The Iraq war seems no closer to resolution today than when it began five years ago. The daily stories of death, setbacks and gains bleed together like a list of mayhem on a police blotter, rarely jolting us anymore from our safe slumber back home. Two new books try to do just that by tallying the war's costs from these daily ledgers. Although each has a different focus, both accountings draw the same picture of hopelessness.
The most enlightening is "The Three Trillion Dollar War," by Nobel Prize-winning economist Joseph E. Stiglitz and Harvard professor Linda J. Bilmes. They matter-of-factly dissect the staggering monetary cost of the war and the human devastation behind the ever-increasing bill. In "Defeat," Jonathan Steele uses the region's history and his own extensive reporting on the ground for the Guardian to provide ammunition for his thesis, that "the occupation was flawed from the start."
Both books are deeply critical of the rationale for going to war and the way it is being waged. But Stiglitz and Bilmes focus on a track less worn than Steele's. They follow the money, ferreting out exactly how it was spent, explaining how we'll be paying the bill -- one they calculate to be at least $3 trillion -- for decades to come and suggesting where all that money could have been used more effectively.
For instance, $3 trillion is enough to provide the nation's 8.3 million uninsured children with health coverage for about 18 years. It is worth noting that $3 trillion is their "excessively conservative" estimate of the war's total cost when all is said and done.

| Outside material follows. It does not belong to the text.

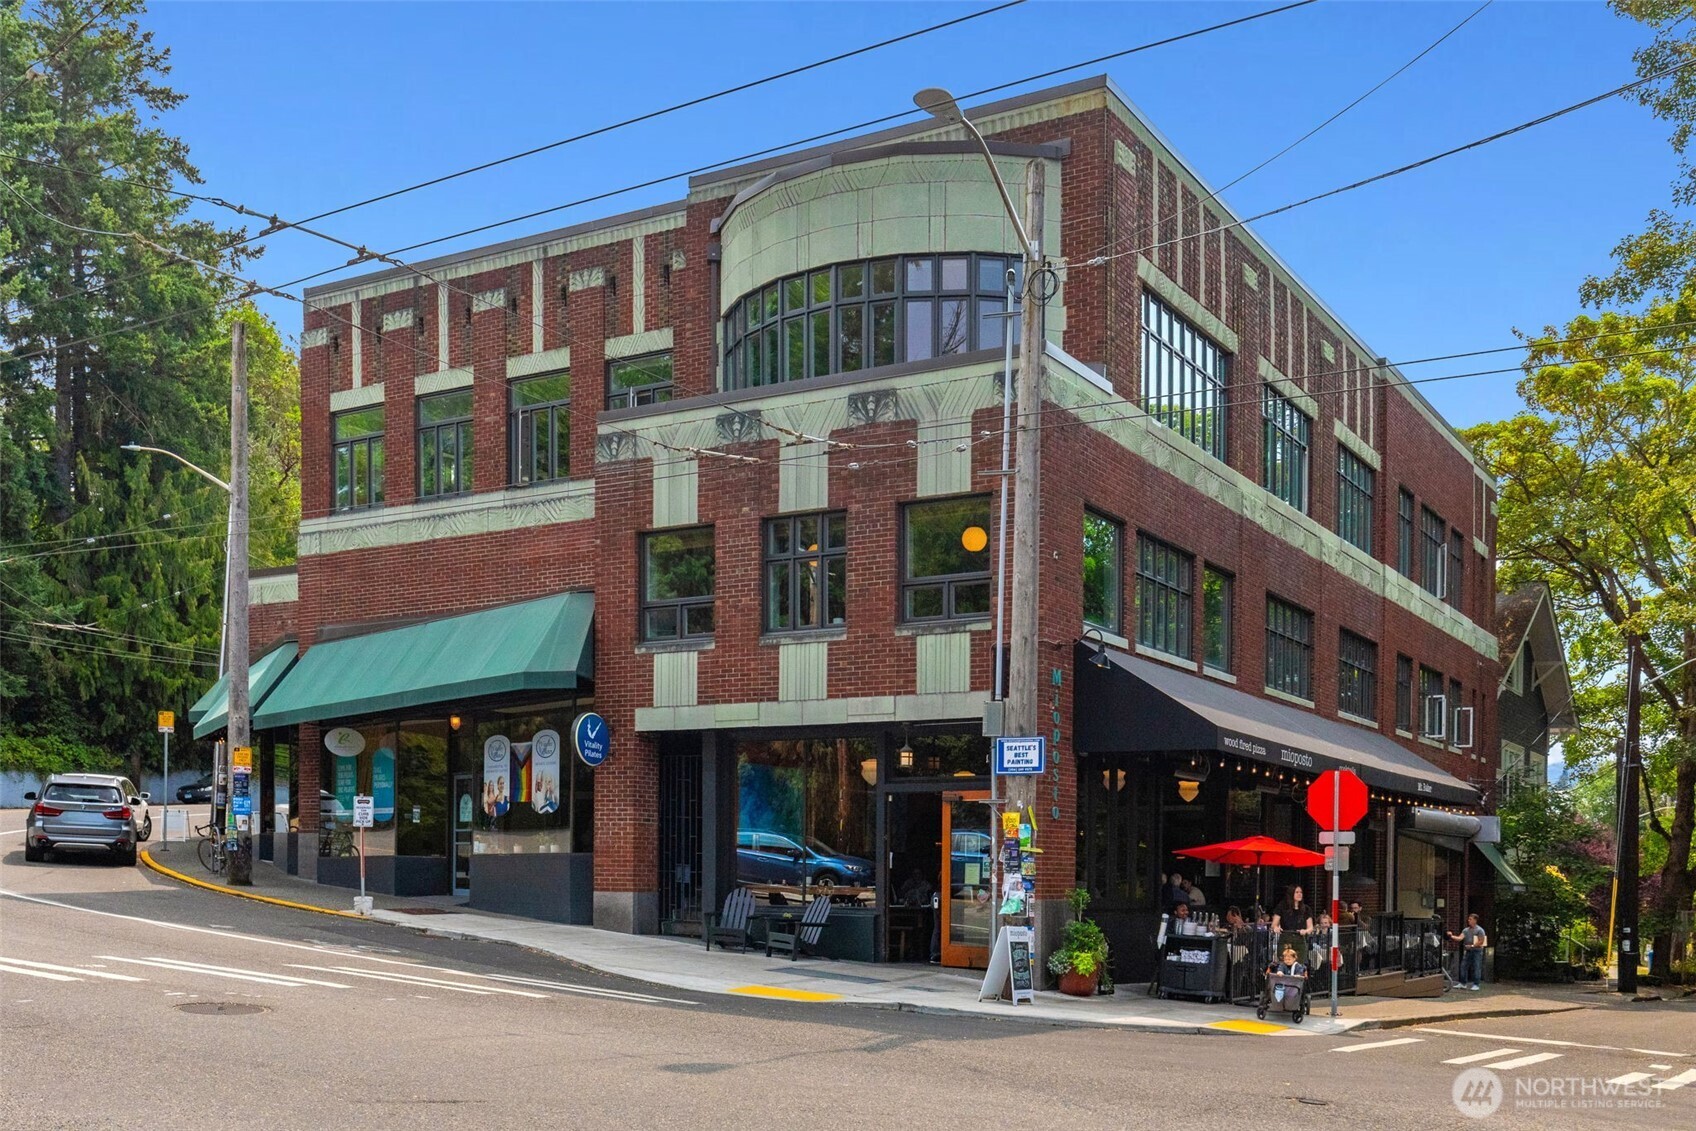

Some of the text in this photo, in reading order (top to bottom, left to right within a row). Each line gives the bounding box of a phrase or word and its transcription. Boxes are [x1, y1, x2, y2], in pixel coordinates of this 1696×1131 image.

"The Three Trillion Dollar War" isn't likely to be an Oprah Book Club selection -- its clinical prose and abundant lists don't make for a leisurely read. But its statistics are a damning indictment of how the war has been conducted and a wake-up call for American taxpayers, who for the most part have remained untouched by a conflict that churns through money and lives on a daily basis. Borrowing the phrase "there is no free lunch," Stiglitz and Blimes describe how hefty the bill will become if we don't change course.
They note that the United States has been in Iraq more than a year longer than it fought World War II, and that the "cost of direct U.S. military operations -- not even including long-term costs such as taking care of wounded veterans -- already exceeds the cost of the twelve-year war in Vietnam and is more than double the cost of the Korean War."